Ara melihat pada sebelah tangannya yang digenggam kemudian perlahan tangan kanannya yang bebas menyentuh tangan Fira, bukan untuk membalas genggam, melainkan perlahan melepaskan genggaman gadis itu pada tangannya. Menarik mundur badannya selangkah, Ara menatap lekat pada gadis yang sanpai detik ini masih ia anggap sebagai teman, "Kamu nggak perlu ngelakuin ini, kalau Pak Wira juga mencintai kamu, tanpa kamu lakukan apapun dia akan melihat kamu meski ada atau tidak adan aku di dekat dia."

"Tapi karena kamu, sekarang dia semakin sulit buat aku gapai." Fira menekan setiap ucapannya, perasaanya masih saja berkeras kalau Aralah penyebab ia tak kunjung mendapatkan hati Wira.

"Perasaan itu nggak bisa dipaksa, terlepas dari bagaimana nantinya, tunjukkan perasaan kamu ke dia, bukan malah menyuruh aku buat jauhin dia." Ara membalikkan badannya, membawa langkah menjauh dari gadis yang kini masih saja menatapnya dengan pandangan tidak suka, lebih baik Ara menjauh. Mau dia menjelaskan seperti apapun Fira tak akan mau mendengarkan penjelasannya karena bagi gadis itu tetap Ara yang bersalah tanpa mau melihat pada dirinya sendiri.
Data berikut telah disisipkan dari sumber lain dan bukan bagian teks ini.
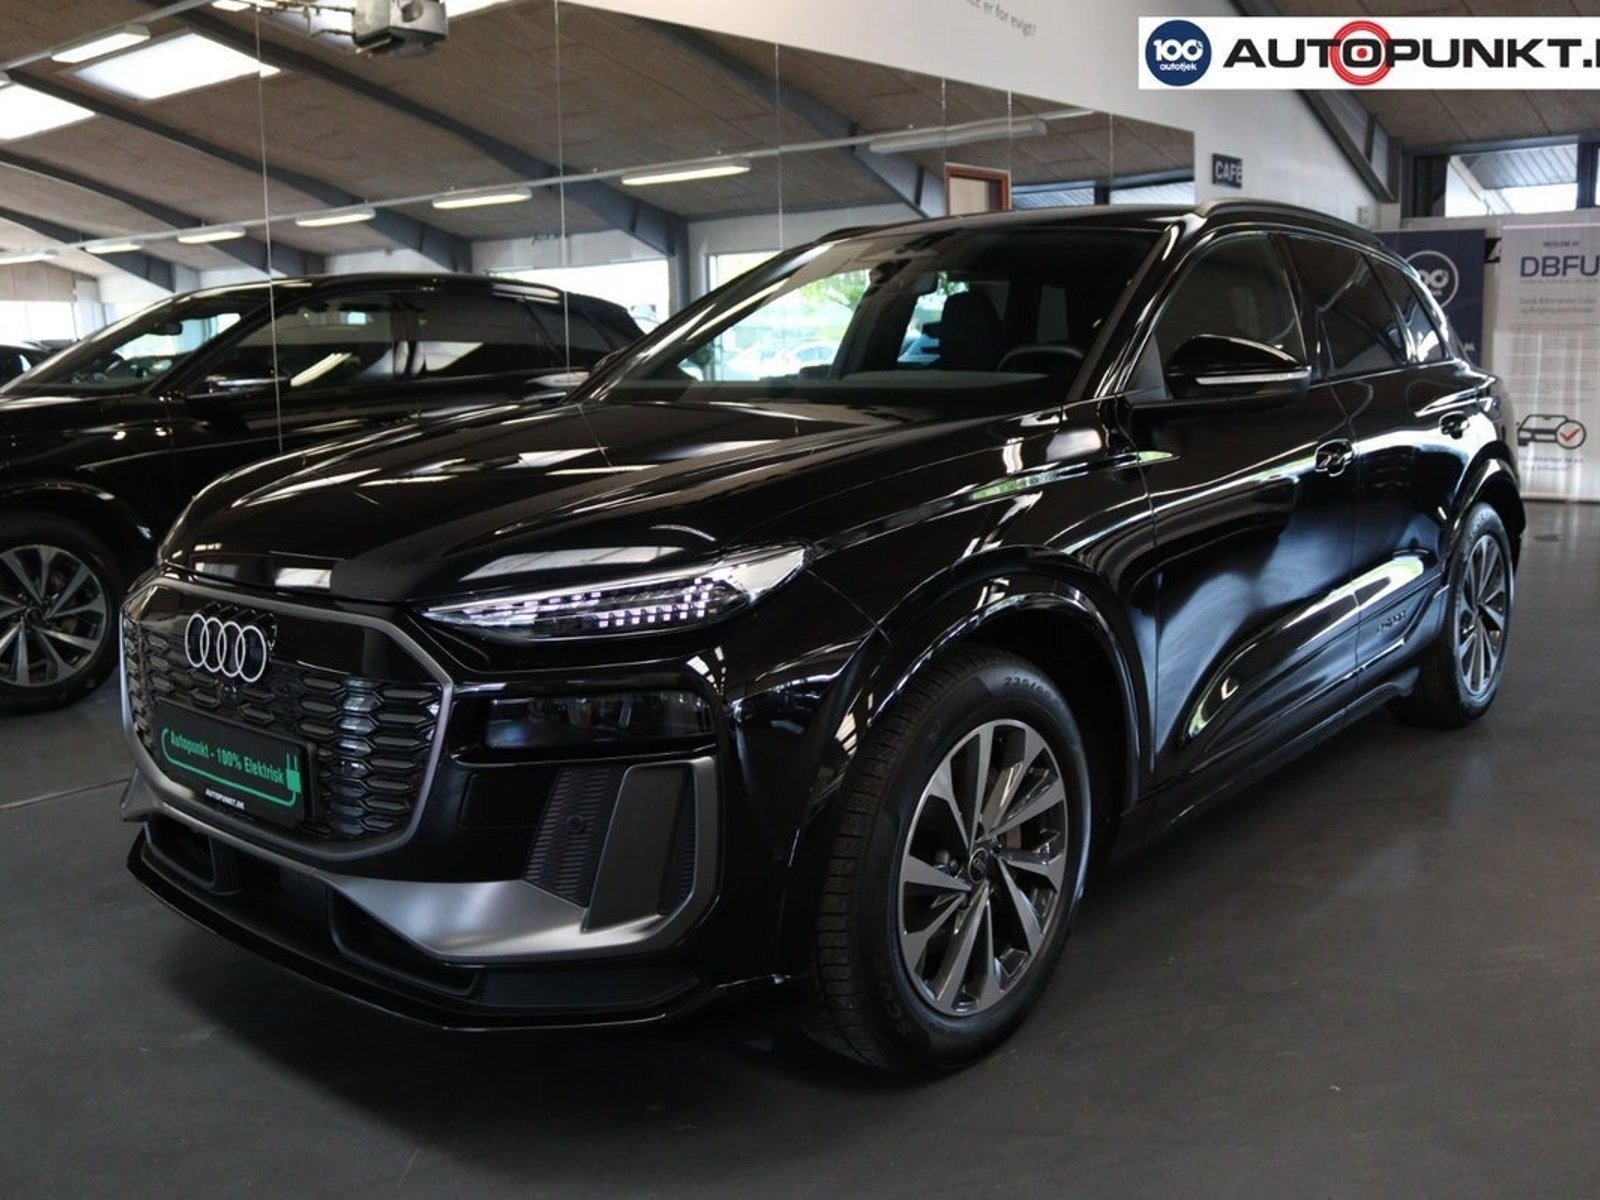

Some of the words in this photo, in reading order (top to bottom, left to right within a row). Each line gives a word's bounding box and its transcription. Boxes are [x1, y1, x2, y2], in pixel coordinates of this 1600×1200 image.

[1520, 254, 1600, 278] DBFU
[170, 731, 209, 759] Autopunkt
[217, 747, 242, 771] 100%
[244, 756, 285, 785] Elektrisk
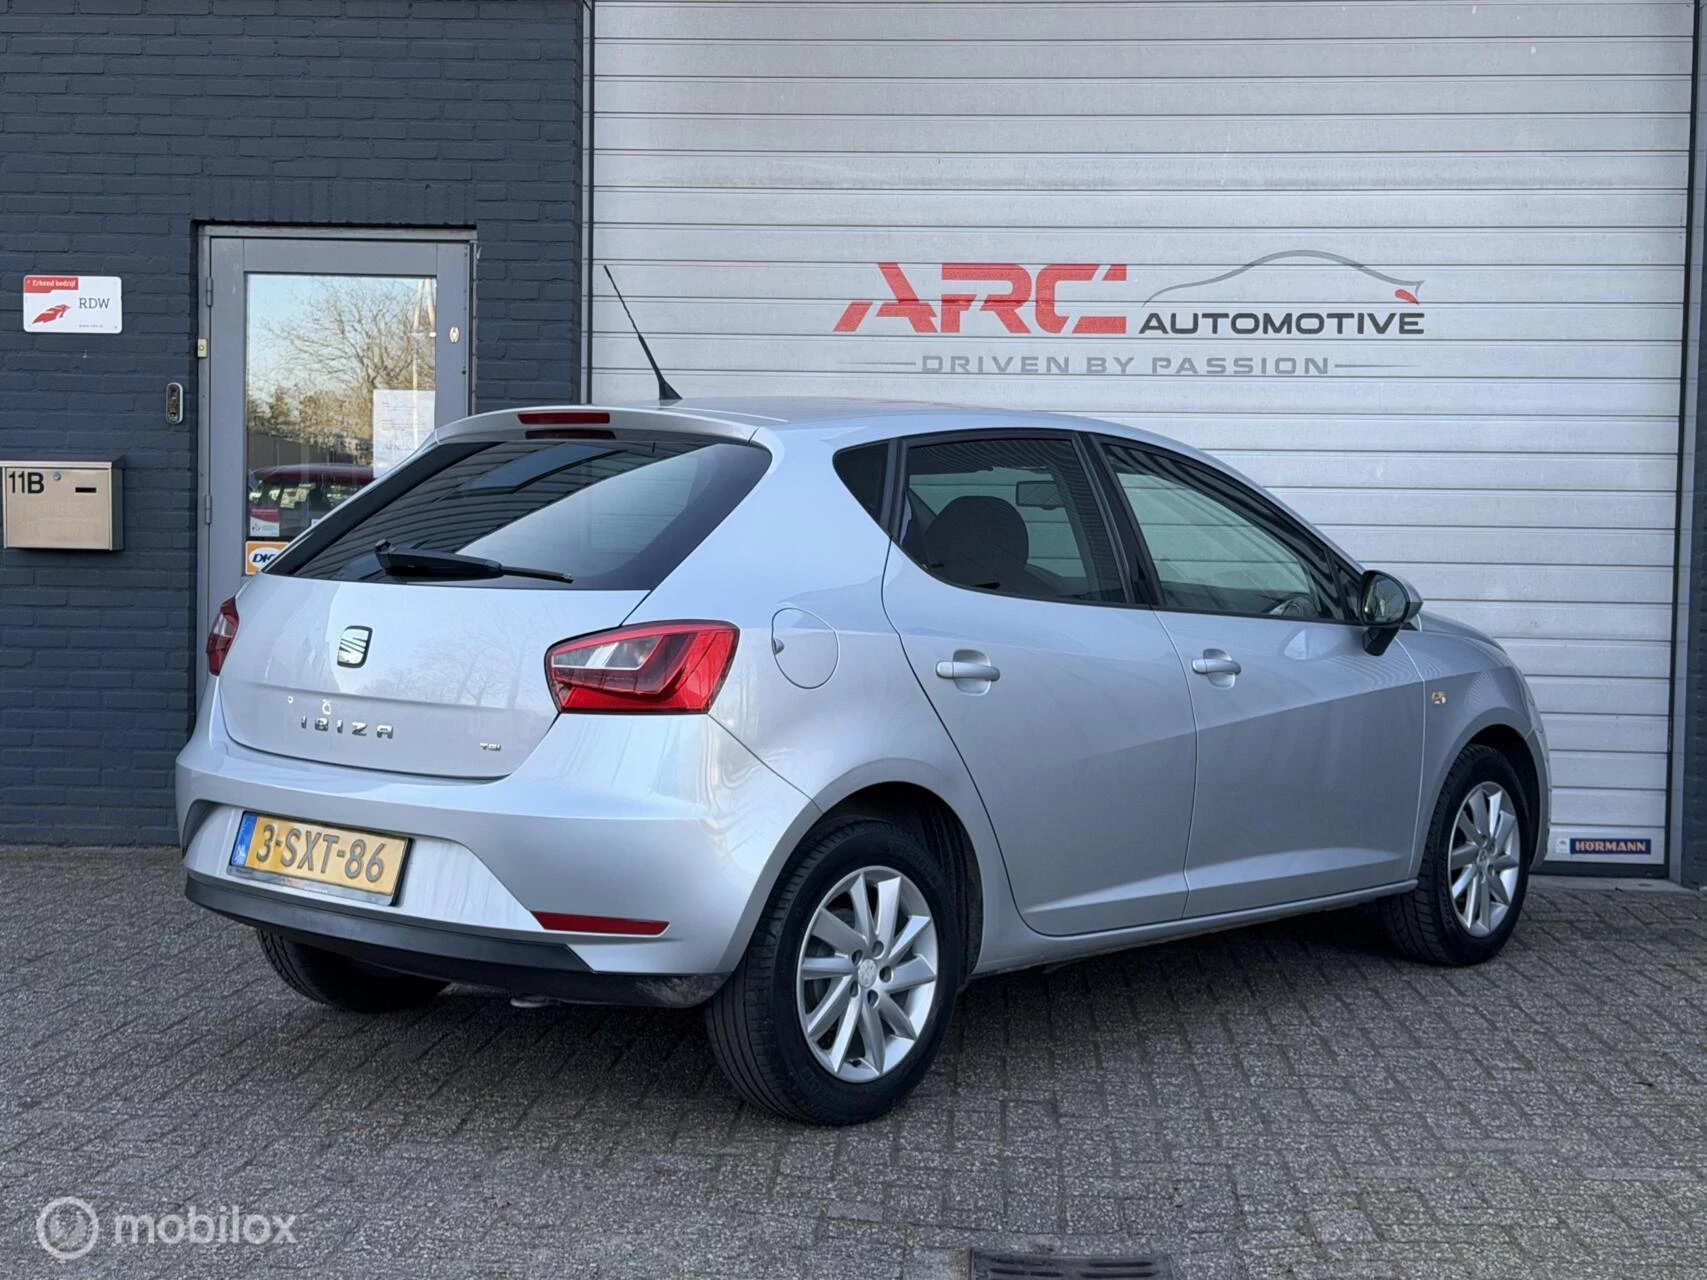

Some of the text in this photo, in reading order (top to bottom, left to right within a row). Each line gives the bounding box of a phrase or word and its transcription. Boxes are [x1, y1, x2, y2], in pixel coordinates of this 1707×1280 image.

[79, 297, 111, 309] RDW
[833, 262, 1425, 334] ARC AUTOMOTIVE
[921, 355, 1329, 375] DRIVEN BY PASSION
[8, 471, 45, 494] 11B
[252, 553, 278, 563] DK
[300, 715, 394, 740] IBIZA
[256, 824, 386, 882] 3-SXT-86
Bukankah memandang buruk pada orang lain itu lebih mudah dari memandang diri sendiri.

***

"Mau apa kamu?" Wira yang saat itu tengah memeriksa laporan cafe berbicara tanpa perlu repot melihat pada sosok yang baru saja membuka pintu ruangannya tanpa permisi.

Beberapa hari belakangan ketika Wira berniat menyibukkan diri di ruangan miliknya, gadis ini selalu saja mengganggu saat hampir semua karyawan kafe telah pulang.

"Kamu tau pasti apa yang aku mau, Mas." Tanpa perlu meminta persetujuan, Fira mendudukkan diri tepat di depan Wira.

"Jangan buang waktu untuk hal yang tidak penting. Cari laki-laki lain yang bisa memenuhi keinginanmu, saya tidak berminat menjadi tunanganmu apalagi hanya untuk menyelamatkan bisnis ayahmu yang hampir bangkrut itu." Wira dengan segera menutup laporan cafe, pekerjaannya telah ia selesaikan lebih cepat karena tahu jika gadis ini tak akan membiarkannya tenang dengan semakin terang-terangan mendekatinya.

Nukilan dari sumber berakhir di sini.